ASSIGNMENT: The records that follow are to be printed exactly, with no images.

THE INPUT:
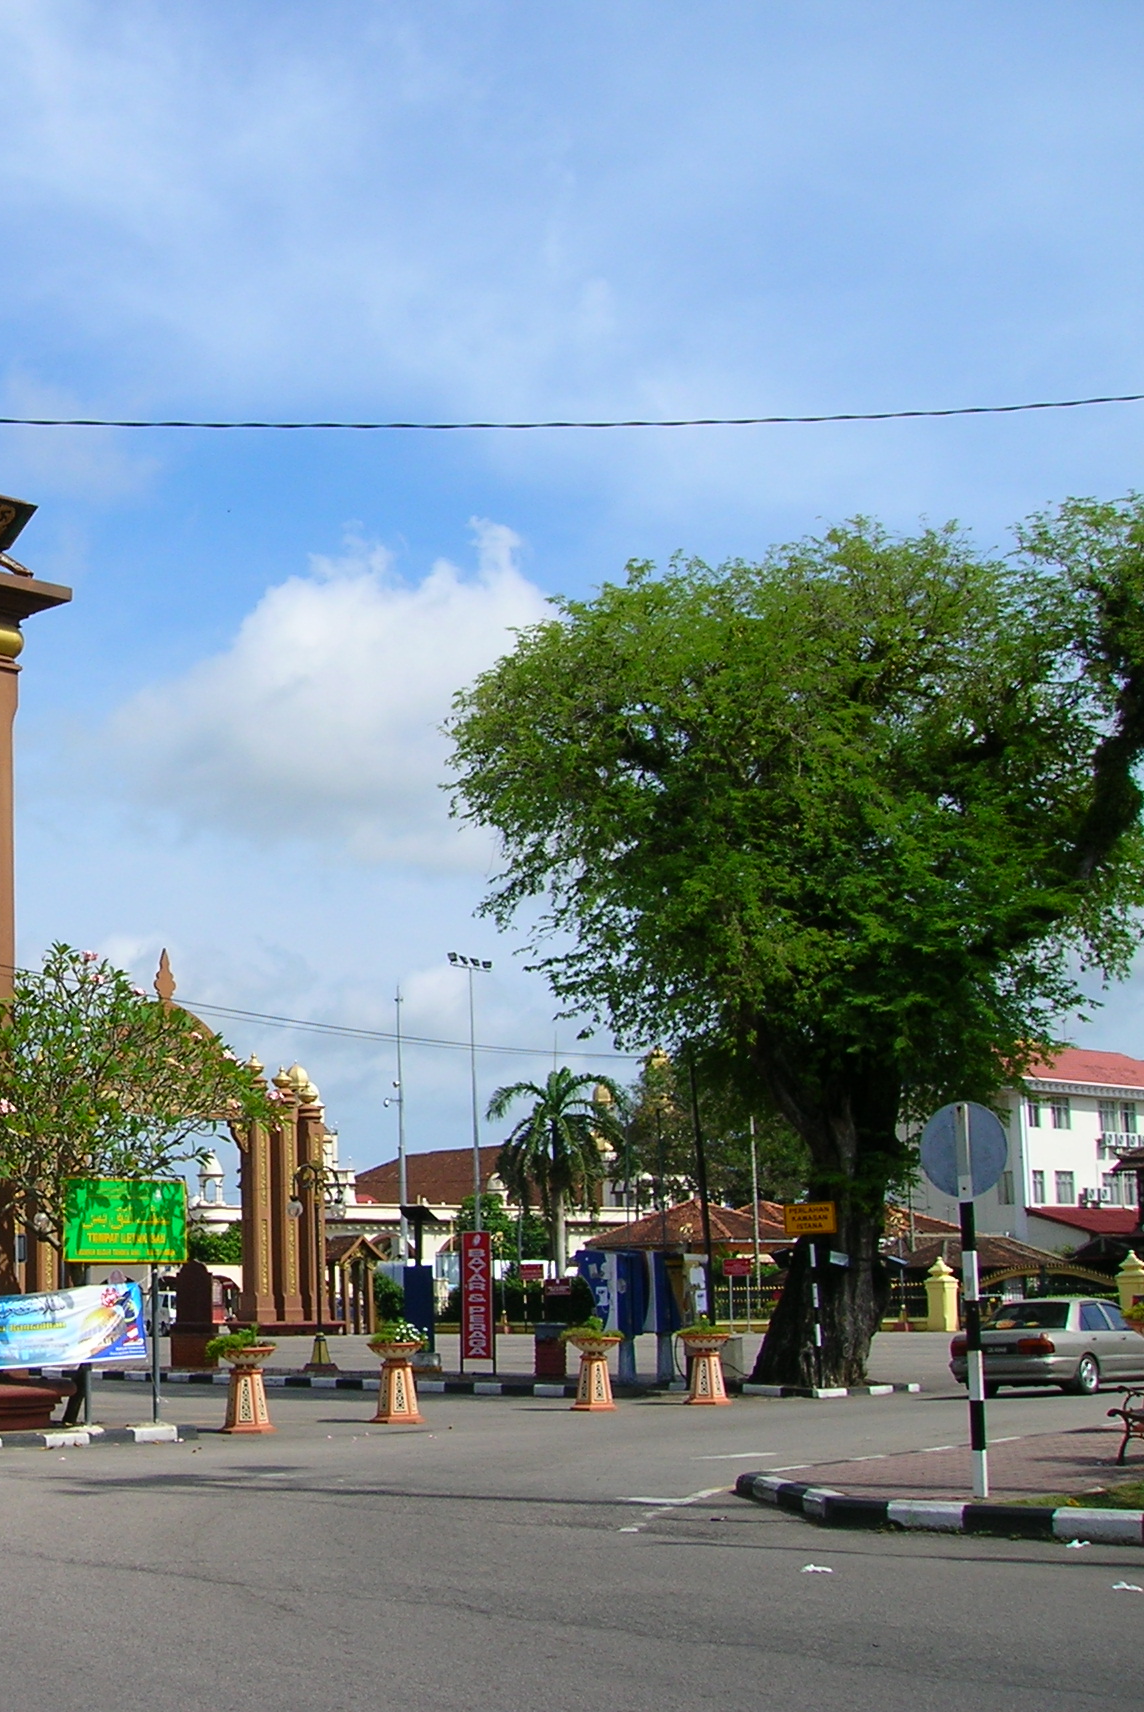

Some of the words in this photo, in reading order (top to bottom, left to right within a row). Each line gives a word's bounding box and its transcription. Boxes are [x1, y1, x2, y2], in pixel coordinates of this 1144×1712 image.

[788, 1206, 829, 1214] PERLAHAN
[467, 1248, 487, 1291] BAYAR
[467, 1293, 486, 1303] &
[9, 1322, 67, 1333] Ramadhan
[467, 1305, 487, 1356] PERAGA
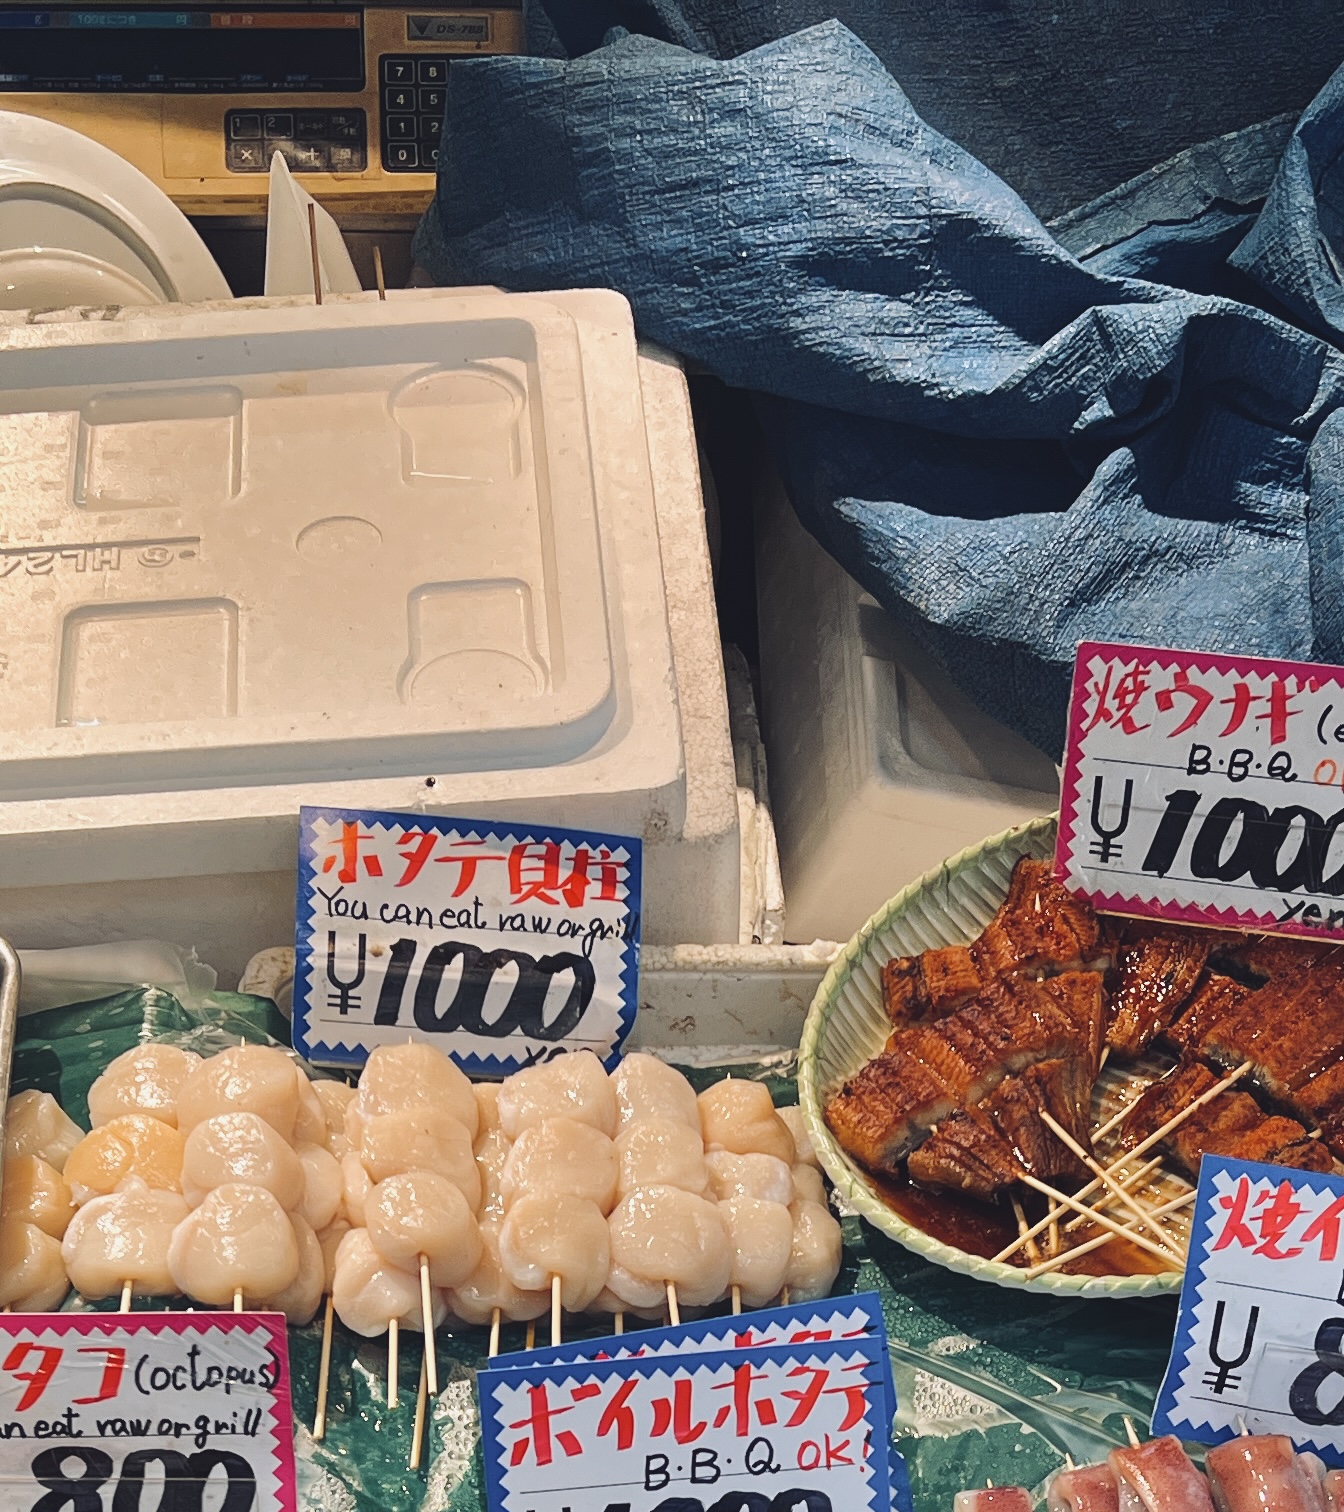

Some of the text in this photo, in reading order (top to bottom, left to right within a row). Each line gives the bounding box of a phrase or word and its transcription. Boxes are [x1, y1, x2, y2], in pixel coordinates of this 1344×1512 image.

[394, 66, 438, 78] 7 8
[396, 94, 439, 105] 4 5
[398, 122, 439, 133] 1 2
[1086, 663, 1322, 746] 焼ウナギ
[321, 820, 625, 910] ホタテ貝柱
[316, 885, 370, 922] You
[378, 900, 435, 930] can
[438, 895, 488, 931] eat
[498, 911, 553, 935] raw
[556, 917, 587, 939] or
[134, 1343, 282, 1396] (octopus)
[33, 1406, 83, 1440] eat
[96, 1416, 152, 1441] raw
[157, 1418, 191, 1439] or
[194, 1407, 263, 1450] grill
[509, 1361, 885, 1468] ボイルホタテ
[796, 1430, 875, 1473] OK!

RESULT BELOW:
Some of the words in this photo, in reading order (top to bottom, left to right within a row). Each line gives a word's bounding box and its transcription. Boxes are [x1, y1, x2, y2], in pixel coordinates of this 1144×1712 image.

[788, 1206, 829, 1214] PERLAHAN
[467, 1248, 487, 1291] BAYAR
[467, 1293, 486, 1303] &
[9, 1322, 67, 1333] Ramadhan
[467, 1305, 487, 1356] PERAGA

Some of the text in this photo, in reading order (top to bottom, left to right within a row). Each line gives the bounding box of a phrase or word and its transcription. Boxes are [x1, y1, x2, y2], in pixel coordinates of this 1344×1512 image.

[394, 66, 438, 78] 7 8
[396, 94, 439, 105] 4 5
[398, 122, 439, 133] 1 2
[1086, 663, 1322, 746] 焼ウナギ
[321, 820, 625, 910] ホタテ貝柱
[316, 885, 370, 922] You
[378, 900, 435, 930] can
[438, 895, 488, 931] eat
[498, 911, 553, 935] raw
[556, 917, 587, 939] or
[134, 1343, 282, 1396] (octopus)
[33, 1406, 83, 1440] eat
[96, 1416, 152, 1441] raw
[157, 1418, 191, 1439] or
[194, 1407, 263, 1450] grill
[509, 1361, 885, 1468] ボイルホタテ
[796, 1430, 875, 1473] OK!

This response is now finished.